--- RECORDS SUPPLIED ---
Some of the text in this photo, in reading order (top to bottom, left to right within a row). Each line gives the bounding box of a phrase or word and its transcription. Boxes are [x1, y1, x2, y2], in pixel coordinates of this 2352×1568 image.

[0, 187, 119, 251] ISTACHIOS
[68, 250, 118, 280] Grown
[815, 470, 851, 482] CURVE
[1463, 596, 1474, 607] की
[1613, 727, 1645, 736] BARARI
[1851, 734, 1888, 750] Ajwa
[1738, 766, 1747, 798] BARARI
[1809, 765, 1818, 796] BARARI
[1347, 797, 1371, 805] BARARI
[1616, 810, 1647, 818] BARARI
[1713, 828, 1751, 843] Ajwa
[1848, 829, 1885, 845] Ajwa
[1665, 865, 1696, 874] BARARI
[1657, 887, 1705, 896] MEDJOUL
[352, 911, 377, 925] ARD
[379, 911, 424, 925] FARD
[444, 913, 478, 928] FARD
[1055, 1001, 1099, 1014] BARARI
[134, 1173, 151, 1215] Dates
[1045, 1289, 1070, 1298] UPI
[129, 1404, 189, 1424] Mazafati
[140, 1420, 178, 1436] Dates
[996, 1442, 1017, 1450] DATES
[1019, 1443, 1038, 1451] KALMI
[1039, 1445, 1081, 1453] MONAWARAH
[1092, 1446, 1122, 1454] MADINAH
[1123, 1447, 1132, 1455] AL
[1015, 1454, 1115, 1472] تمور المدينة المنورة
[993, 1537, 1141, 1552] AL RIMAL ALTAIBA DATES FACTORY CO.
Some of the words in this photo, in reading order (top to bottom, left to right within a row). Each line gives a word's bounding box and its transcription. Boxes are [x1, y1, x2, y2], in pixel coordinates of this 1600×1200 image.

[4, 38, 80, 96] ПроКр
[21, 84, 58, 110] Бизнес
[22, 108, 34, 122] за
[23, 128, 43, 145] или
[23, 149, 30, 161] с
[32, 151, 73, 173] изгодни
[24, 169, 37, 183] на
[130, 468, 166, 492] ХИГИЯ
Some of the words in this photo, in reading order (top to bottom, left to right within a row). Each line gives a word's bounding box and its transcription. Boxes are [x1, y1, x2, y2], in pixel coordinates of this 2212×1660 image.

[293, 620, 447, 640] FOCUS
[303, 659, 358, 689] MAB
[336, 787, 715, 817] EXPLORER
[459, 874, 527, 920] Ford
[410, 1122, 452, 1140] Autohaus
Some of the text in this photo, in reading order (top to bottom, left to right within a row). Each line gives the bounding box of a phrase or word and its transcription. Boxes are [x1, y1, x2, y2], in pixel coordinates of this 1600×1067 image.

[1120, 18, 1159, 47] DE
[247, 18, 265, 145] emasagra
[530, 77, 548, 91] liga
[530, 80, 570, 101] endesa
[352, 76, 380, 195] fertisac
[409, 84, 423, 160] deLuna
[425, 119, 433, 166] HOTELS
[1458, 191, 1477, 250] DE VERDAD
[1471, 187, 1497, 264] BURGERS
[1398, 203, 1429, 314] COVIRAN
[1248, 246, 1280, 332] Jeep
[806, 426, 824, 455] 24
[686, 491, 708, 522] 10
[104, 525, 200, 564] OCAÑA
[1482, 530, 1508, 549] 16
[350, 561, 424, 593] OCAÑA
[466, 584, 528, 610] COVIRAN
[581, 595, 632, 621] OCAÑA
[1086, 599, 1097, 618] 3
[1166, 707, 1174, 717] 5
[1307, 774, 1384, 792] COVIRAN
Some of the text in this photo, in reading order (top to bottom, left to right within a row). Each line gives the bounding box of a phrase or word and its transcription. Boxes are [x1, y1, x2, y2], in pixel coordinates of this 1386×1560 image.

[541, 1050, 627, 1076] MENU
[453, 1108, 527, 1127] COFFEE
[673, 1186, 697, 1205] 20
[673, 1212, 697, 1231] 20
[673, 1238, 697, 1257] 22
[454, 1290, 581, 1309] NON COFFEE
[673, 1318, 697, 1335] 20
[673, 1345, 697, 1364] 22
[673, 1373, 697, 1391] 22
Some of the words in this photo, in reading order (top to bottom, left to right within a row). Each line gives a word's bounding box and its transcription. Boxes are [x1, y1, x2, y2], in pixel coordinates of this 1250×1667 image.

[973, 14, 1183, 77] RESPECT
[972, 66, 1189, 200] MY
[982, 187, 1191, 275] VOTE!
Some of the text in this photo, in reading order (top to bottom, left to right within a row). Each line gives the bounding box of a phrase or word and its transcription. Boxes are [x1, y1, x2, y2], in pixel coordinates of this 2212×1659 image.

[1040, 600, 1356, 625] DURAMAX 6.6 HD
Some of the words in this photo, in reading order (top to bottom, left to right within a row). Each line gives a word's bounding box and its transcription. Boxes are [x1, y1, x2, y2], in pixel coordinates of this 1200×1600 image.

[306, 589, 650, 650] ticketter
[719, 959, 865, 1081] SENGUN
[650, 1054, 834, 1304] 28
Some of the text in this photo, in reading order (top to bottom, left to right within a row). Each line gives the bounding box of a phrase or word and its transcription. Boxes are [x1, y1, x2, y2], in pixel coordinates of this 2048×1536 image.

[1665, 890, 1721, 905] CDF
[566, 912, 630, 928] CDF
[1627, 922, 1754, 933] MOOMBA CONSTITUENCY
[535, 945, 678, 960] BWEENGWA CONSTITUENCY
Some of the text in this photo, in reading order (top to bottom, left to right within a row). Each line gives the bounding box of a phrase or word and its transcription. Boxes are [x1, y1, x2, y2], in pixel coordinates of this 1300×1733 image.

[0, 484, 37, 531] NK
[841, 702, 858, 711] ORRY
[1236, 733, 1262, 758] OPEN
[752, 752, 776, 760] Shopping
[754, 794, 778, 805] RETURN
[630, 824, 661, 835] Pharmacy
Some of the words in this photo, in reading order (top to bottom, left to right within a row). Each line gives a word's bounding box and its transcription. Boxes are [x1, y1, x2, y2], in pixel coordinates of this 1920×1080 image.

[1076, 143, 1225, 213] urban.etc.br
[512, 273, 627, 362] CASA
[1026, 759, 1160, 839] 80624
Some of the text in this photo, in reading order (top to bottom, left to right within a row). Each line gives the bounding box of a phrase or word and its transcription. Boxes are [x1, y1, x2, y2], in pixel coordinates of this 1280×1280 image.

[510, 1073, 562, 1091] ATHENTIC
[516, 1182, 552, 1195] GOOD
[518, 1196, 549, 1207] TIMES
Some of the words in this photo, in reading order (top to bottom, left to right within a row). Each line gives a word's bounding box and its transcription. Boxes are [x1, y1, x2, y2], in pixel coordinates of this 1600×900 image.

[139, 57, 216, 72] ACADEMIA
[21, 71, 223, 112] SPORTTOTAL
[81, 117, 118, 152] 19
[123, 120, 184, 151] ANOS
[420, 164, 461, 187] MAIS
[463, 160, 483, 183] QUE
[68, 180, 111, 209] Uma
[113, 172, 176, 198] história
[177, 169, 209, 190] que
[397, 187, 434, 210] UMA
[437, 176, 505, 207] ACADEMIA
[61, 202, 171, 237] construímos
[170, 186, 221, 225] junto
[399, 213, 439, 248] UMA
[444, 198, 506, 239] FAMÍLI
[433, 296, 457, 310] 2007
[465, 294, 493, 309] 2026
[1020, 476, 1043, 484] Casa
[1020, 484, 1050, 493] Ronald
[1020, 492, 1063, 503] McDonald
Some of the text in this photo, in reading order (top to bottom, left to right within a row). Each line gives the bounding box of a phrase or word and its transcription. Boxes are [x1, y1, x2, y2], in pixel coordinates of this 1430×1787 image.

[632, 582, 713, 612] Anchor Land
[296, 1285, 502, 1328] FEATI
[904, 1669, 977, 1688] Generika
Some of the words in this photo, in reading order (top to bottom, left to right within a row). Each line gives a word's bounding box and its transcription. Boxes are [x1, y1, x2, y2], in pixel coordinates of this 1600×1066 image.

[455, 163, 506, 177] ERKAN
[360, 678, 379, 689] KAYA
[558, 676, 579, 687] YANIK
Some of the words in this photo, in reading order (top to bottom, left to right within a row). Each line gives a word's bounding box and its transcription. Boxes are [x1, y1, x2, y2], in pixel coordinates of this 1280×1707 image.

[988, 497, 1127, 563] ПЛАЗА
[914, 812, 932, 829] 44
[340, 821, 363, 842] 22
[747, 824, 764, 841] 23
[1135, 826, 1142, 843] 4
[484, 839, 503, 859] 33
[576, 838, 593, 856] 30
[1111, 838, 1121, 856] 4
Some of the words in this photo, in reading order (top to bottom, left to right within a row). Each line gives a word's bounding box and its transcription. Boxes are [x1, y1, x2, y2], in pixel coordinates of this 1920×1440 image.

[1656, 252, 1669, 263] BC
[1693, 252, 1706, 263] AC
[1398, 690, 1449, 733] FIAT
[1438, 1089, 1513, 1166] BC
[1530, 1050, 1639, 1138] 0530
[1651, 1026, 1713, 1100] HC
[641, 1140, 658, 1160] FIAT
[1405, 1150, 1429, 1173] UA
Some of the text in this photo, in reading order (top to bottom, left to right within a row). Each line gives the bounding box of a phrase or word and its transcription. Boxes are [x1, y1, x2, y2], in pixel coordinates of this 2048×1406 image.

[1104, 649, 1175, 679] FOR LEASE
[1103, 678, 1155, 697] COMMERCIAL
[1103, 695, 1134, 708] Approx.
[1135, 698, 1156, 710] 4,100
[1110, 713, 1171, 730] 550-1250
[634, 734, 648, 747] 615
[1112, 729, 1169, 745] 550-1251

--- TASK PROMPT ---
The line containing "this 2048×1406 image." marks the start. Repeat it and every line after it to the end of the listing above, exactly.

--- EXERCISE SOLUTION ---
Some of the text in this photo, in reading order (top to bottom, left to right within a row). Each line gives the bounding box of a phrase or word and its transcription. Boxes are [x1, y1, x2, y2], in pixel coordinates of this 2048×1406 image.

[1104, 649, 1175, 679] FOR LEASE
[1103, 678, 1155, 697] COMMERCIAL
[1103, 695, 1134, 708] Approx.
[1135, 698, 1156, 710] 4,100
[1110, 713, 1171, 730] 550-1250
[634, 734, 648, 747] 615
[1112, 729, 1169, 745] 550-1251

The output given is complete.